> _WHAT TO WORK ON_:
Write out all of the data again, precisely as it appears.

**********

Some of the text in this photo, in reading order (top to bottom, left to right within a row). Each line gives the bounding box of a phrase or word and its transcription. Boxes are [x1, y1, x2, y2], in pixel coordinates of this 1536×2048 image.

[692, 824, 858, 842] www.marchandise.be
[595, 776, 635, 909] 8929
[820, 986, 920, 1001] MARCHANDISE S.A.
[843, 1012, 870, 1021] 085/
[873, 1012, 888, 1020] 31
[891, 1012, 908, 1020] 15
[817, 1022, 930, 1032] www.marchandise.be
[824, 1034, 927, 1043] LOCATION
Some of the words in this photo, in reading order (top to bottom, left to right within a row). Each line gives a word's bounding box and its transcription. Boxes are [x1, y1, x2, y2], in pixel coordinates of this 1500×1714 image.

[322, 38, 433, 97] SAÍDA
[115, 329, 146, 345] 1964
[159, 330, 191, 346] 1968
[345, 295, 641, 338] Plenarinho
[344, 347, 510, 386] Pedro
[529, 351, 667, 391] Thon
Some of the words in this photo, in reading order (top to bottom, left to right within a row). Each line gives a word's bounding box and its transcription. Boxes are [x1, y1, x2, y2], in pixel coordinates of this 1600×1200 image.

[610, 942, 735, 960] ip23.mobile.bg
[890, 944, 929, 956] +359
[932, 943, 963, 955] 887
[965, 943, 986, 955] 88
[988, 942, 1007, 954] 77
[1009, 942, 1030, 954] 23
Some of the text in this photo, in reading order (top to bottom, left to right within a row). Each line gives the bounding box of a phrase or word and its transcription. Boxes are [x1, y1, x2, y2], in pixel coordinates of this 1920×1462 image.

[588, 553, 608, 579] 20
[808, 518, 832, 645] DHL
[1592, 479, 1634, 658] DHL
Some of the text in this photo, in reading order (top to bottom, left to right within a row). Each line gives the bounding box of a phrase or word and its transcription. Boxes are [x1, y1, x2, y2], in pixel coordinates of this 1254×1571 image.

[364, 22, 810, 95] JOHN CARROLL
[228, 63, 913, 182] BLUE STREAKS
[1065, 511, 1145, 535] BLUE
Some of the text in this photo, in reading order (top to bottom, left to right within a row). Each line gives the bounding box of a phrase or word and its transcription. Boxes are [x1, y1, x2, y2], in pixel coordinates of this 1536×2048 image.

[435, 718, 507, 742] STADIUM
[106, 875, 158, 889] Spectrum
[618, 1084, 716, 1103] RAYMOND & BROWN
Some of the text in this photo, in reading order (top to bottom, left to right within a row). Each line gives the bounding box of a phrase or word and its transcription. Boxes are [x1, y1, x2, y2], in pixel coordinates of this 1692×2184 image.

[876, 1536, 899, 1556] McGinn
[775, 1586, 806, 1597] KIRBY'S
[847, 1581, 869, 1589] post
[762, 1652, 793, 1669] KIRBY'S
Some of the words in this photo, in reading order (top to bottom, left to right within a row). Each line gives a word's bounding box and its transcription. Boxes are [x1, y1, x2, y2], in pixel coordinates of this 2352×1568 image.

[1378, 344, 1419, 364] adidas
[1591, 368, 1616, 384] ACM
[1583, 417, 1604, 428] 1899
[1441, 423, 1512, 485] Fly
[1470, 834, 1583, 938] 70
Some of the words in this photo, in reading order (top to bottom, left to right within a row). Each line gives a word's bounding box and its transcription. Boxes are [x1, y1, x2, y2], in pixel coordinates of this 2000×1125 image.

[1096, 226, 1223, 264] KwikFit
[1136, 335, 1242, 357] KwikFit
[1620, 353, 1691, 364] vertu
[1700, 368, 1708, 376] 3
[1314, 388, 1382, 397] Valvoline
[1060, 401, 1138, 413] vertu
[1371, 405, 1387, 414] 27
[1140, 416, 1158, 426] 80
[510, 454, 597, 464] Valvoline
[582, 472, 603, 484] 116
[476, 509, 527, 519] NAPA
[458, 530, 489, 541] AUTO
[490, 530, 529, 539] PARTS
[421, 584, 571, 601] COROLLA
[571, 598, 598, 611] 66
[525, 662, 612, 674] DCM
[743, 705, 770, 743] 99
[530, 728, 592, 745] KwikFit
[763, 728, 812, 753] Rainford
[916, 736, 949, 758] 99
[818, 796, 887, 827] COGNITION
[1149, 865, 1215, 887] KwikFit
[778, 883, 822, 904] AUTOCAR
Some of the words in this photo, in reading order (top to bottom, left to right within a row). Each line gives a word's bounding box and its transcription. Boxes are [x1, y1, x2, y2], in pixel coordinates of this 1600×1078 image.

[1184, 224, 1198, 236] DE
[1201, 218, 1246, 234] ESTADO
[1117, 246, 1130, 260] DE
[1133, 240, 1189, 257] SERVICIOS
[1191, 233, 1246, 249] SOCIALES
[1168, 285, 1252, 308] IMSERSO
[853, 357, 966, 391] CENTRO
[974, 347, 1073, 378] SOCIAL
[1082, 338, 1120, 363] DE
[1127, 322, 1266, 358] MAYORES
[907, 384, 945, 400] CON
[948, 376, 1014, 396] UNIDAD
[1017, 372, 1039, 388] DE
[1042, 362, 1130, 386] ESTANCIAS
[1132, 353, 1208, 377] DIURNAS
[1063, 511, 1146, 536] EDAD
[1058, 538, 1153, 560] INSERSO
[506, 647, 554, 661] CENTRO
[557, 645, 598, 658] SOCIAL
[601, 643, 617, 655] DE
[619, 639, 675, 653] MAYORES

**********

> _RESULT OF THIS TASK_:
Some of the text in this photo, in reading order (top to bottom, left to right within a row). Each line gives the bounding box of a phrase or word and its transcription. Boxes are [x1, y1, x2, y2], in pixel coordinates of this 1536×2048 image.

[692, 824, 858, 842] www.marchandise.be
[595, 776, 635, 909] 8929
[820, 986, 920, 1001] MARCHANDISE S.A.
[843, 1012, 870, 1021] 085/
[873, 1012, 888, 1020] 31
[891, 1012, 908, 1020] 15
[817, 1022, 930, 1032] www.marchandise.be
[824, 1034, 927, 1043] LOCATION
Some of the words in this photo, in reading order (top to bottom, left to right within a row). Each line gives a word's bounding box and its transcription. Boxes are [x1, y1, x2, y2], in pixel coordinates of this 1500×1714 image.

[322, 38, 433, 97] SAÍDA
[115, 329, 146, 345] 1964
[159, 330, 191, 346] 1968
[345, 295, 641, 338] Plenarinho
[344, 347, 510, 386] Pedro
[529, 351, 667, 391] Thon
Some of the words in this photo, in reading order (top to bottom, left to right within a row). Each line gives a word's bounding box and its transcription. Boxes are [x1, y1, x2, y2], in pixel coordinates of this 1600×1200 image.

[610, 942, 735, 960] ip23.mobile.bg
[890, 944, 929, 956] +359
[932, 943, 963, 955] 887
[965, 943, 986, 955] 88
[988, 942, 1007, 954] 77
[1009, 942, 1030, 954] 23
Some of the text in this photo, in reading order (top to bottom, left to right within a row). Each line gives the bounding box of a phrase or word and its transcription. Boxes are [x1, y1, x2, y2], in pixel coordinates of this 1920×1462 image.

[588, 553, 608, 579] 20
[808, 518, 832, 645] DHL
[1592, 479, 1634, 658] DHL
Some of the text in this photo, in reading order (top to bottom, left to right within a row). Each line gives the bounding box of a phrase or word and its transcription. Boxes are [x1, y1, x2, y2], in pixel coordinates of this 1254×1571 image.

[364, 22, 810, 95] JOHN CARROLL
[228, 63, 913, 182] BLUE STREAKS
[1065, 511, 1145, 535] BLUE
Some of the text in this photo, in reading order (top to bottom, left to right within a row). Each line gives the bounding box of a phrase or word and its transcription. Boxes are [x1, y1, x2, y2], in pixel coordinates of this 1536×2048 image.

[435, 718, 507, 742] STADIUM
[106, 875, 158, 889] Spectrum
[618, 1084, 716, 1103] RAYMOND & BROWN
Some of the text in this photo, in reading order (top to bottom, left to right within a row). Each line gives the bounding box of a phrase or word and its transcription. Boxes are [x1, y1, x2, y2], in pixel coordinates of this 1692×2184 image.

[876, 1536, 899, 1556] McGinn
[775, 1586, 806, 1597] KIRBY'S
[847, 1581, 869, 1589] post
[762, 1652, 793, 1669] KIRBY'S
Some of the words in this photo, in reading order (top to bottom, left to right within a row). Each line gives a word's bounding box and its transcription. Boxes are [x1, y1, x2, y2], in pixel coordinates of this 2352×1568 image.

[1378, 344, 1419, 364] adidas
[1591, 368, 1616, 384] ACM
[1583, 417, 1604, 428] 1899
[1441, 423, 1512, 485] Fly
[1470, 834, 1583, 938] 70
Some of the words in this photo, in reading order (top to bottom, left to right within a row). Each line gives a word's bounding box and its transcription. Boxes are [x1, y1, x2, y2], in pixel coordinates of this 2000×1125 image.

[1096, 226, 1223, 264] KwikFit
[1136, 335, 1242, 357] KwikFit
[1620, 353, 1691, 364] vertu
[1700, 368, 1708, 376] 3
[1314, 388, 1382, 397] Valvoline
[1060, 401, 1138, 413] vertu
[1371, 405, 1387, 414] 27
[1140, 416, 1158, 426] 80
[510, 454, 597, 464] Valvoline
[582, 472, 603, 484] 116
[476, 509, 527, 519] NAPA
[458, 530, 489, 541] AUTO
[490, 530, 529, 539] PARTS
[421, 584, 571, 601] COROLLA
[571, 598, 598, 611] 66
[525, 662, 612, 674] DCM
[743, 705, 770, 743] 99
[530, 728, 592, 745] KwikFit
[763, 728, 812, 753] Rainford
[916, 736, 949, 758] 99
[818, 796, 887, 827] COGNITION
[1149, 865, 1215, 887] KwikFit
[778, 883, 822, 904] AUTOCAR
Some of the words in this photo, in reading order (top to bottom, left to right within a row). Each line gives a word's bounding box and its transcription. Boxes are [x1, y1, x2, y2], in pixel coordinates of this 1600×1078 image.

[1184, 224, 1198, 236] DE
[1201, 218, 1246, 234] ESTADO
[1117, 246, 1130, 260] DE
[1133, 240, 1189, 257] SERVICIOS
[1191, 233, 1246, 249] SOCIALES
[1168, 285, 1252, 308] IMSERSO
[853, 357, 966, 391] CENTRO
[974, 347, 1073, 378] SOCIAL
[1082, 338, 1120, 363] DE
[1127, 322, 1266, 358] MAYORES
[907, 384, 945, 400] CON
[948, 376, 1014, 396] UNIDAD
[1017, 372, 1039, 388] DE
[1042, 362, 1130, 386] ESTANCIAS
[1132, 353, 1208, 377] DIURNAS
[1063, 511, 1146, 536] EDAD
[1058, 538, 1153, 560] INSERSO
[506, 647, 554, 661] CENTRO
[557, 645, 598, 658] SOCIAL
[601, 643, 617, 655] DE
[619, 639, 675, 653] MAYORES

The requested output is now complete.